NST 2020 Ecological Management : The goal of environmental sustainability is to provide for the needs of humans while maintaining and improving the natural systems upon which we depend. In order to do this, we must fully appreciate and understand ecological management strategies for our vital natural resources, such as minerals, water, air, land, food, soil, and biodiversity. In this course we will focus on understanding the ecological principles of natural resource management while exploring new strategies for conservation. Topics that will be discussed in this course include: conflict minerals, carbon sequestration, sustainable food systems, cradle-to-cradle design, ecological restoration and the value of biodiversity. This course will emphasize the methodology of science, critical thinking and problem solving. Ethical issues and business applications associated with environmental conservation are discussed to enhance social responsibility and integrative thinking. The course is an applied ecology course, uniquely designed specifically for business students. We will first determine guiding principles for how healthy ecosystems function and sustain themselves. We will then explore how natural resources and services are altered by the human economy in extracting raw materials and generating waste. At each step we will investigate sustainability-based solutions. Finally we will synthesize the information to discuss our future potentials for ecological conservation.
SCN3630 Economic Botany: This course investigates the relationship between plants and society. Without plants and plant products humans would be hungry, naked, and lacking oxygen to breath. We will begin by exploring how plants grow and reproduce and the basics of different plant parts. We will then examine plants as sources of food, materials, perfumes, drugs, and medicines. Throughout the course we will discuss the role plants have played in influencing economics, language, arts, and religion. Current topics of particular interest for this course include the debate over genetically engineered crops, the development of new pharmaceutical medicines, the importance of our natural resources, the changes in human diet, and the use of plant products in new technologies. This course will emphasize the development of skills in critical thinking, synthesis of information, science literacy, hand-on exercises, and current topical issues in plant biology.
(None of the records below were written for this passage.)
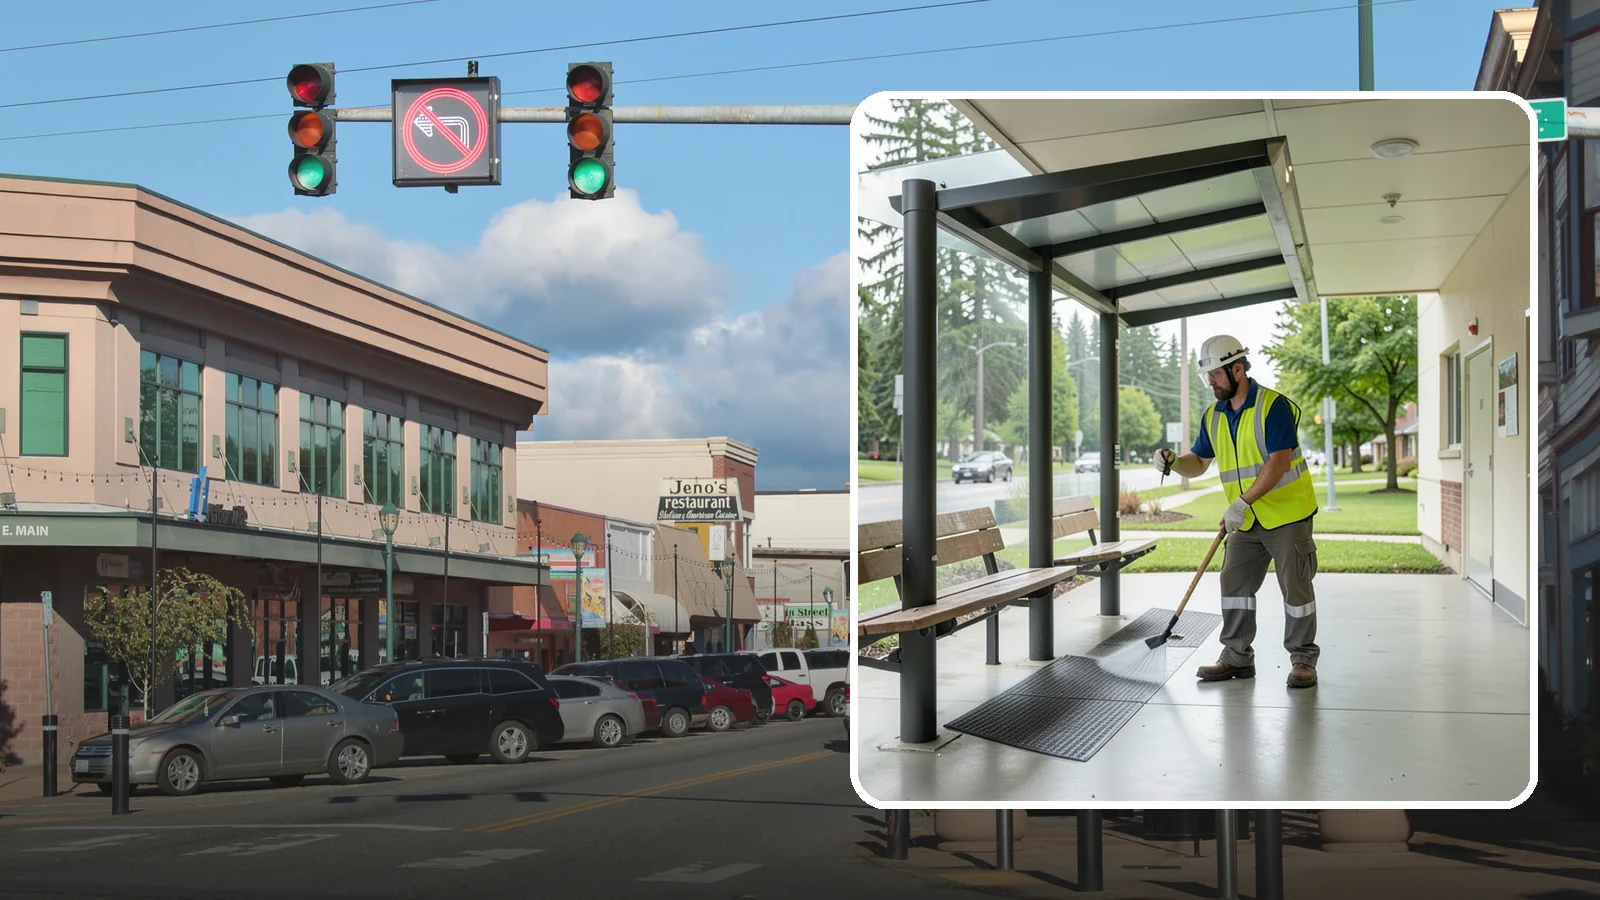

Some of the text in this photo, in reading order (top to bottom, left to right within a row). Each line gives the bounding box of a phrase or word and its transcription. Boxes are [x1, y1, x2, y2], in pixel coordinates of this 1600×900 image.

[670, 480, 727, 494] Jeno's
[665, 496, 731, 509] restaurant
[659, 510, 682, 519] Italian
[686, 510, 714, 519] American
[715, 509, 737, 519] Cuisine
[2, 525, 49, 536] E. MAIN
[797, 607, 829, 616] Street
ENV4610 Art and Ecology: This trans-disciplinary course is co-taught by an artist and an ecologist and will focus on integrating visual art practices and scientific methodologies as a means of observing, understanding, interpreting, and creatively responding to human driven disturbances and the restoration of nature. We will use art and science and the intersections between these disciplines to investigate the environment through: water, soils and clay, the movement of plants, and landscape ecology. Students will learn a range of contemporary artists whose work is dependent on and responsive to the natural environment. Students will also explore scientific processes for healthy ecological function and human-driven disturbance. Students will be challenged to visualize their scientific observations and creative responses through drawing, graphing, 2 D mixed media, mapping/modeling, and sculpture. It is understood that students will likely be entering the studio art practice at a beginning level, therefore prior art experience is not required.